Maryland researchers develop computational approach to understanding brain dynamics
Brain neuron network mapping (see the video below).
Scientists often refer to the human brain as the most complicated biological structure on Earth; perhaps the most complex object in the universe. The quest to understand how the brain functions, by mapping it down to the neural level, has proven to be a much larger and more complex project than mapping the human genome. Neuroscientists have been working on this problem for more than a century.
One approach has been to try to work out the brain’s “connectome,” the roadmap of all the connections of all the nearly 100 billion neurons in the human brain, in the hope that this structural map will give insight to how the brain works. However, the brain is a highly plastic structure that can adaptively change as it meets new challenges.
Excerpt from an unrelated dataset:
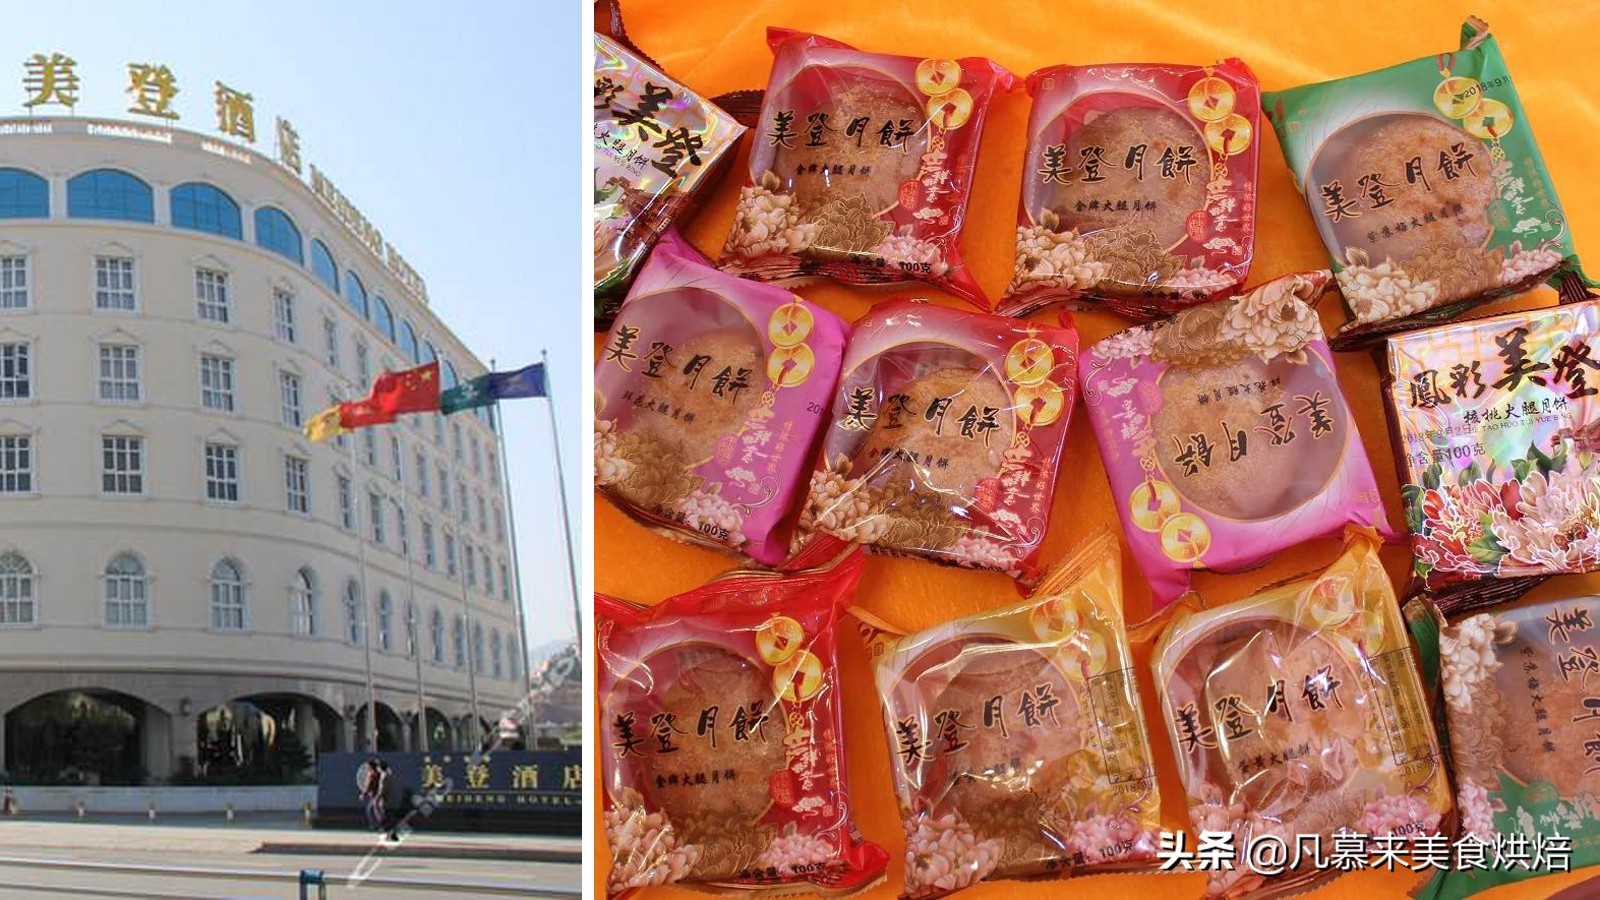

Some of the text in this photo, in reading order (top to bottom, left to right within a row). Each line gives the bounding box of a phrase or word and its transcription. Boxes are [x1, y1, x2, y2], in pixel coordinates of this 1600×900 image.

Now, research by a team of University of Maryland theoreticians and experimentalists just published in the Proceedings of the National Academy of Sciences of the United States of America (PNAS) provides a new computational approach to understanding the brain that probes the dynamic and changing functional interactions between the nodes in its neuronal networks. Their paper, “Extracting neuronal functional network dynamics via adaptive Granger causality analysis,” was written by Assistant Professor Behtash Babadi (Electrical and Computer Engineering), his graduate students Alireza Sheikhattar and Sina Miran, Professor Patrick Kanold (Biology), his graduate student Ji Liu, Professor Shihab Shamma (ECE/Institute for Systems Research) and Research Scientist Jonathan Fritz (ISR).
Led by Babadi, the team developed new signal processing techniques that extract functional network dynamics from neuronal data. These techniques then were used to study changes in neural functional networks during attentive behavior in both mice and ferrets. They were applied to two-photon calcium imaging data from the mouse auditory cortex in collaboration with Kanold and to simultaneous recordings from neurons in the ferret auditory and prefrontal cortices in collaboration with Shamma and Fritz.
The new approach goes beyond the connectome, showing that complex networks can be dynamically re-organized in multiple functional configurations that best suit the task the brain is engaged in at that moment. In addition, the collaboration between theoreticians and experimentalists shows the promise and value of neuroengineering, an interdisciplinary fusion that will lead to further advances in the understanding of how the brain functions.
The above media file shows the network maps for the entire data duration of ∼22 min (1,333 s) overlaid on the slice (four snapshots shown in Fig. 5D). Neurons are shown with red circles and the selected 20 neurons are highlighted in yellow, scattered across the whole slice. The white directed arrows represent the detected G-causal links, where the width of each arrow at each time reflects its significance level (i.e., its corresponding J-statistics). The horizontal cursor at the bottom represents time in seconds.
The above media file exhibits the STRF estimates of all of the five A1 units for the entire experiment duration (three snapshots shown in Fig. 6D). The excitatory and inhibitory effects are shown with red and blue colors, respectively. Each STRF panel is a 50×50 array, with I=50 lag bins uniformly spanning time lags in the range of [0,50] ms on the horizontal axis, and J=50 frequency bins spanning the frequencies in the range of [500,16,000] Hz in logarithmic scale on the vertical axis. The horizontal cursor at the bottom represents time in seconds.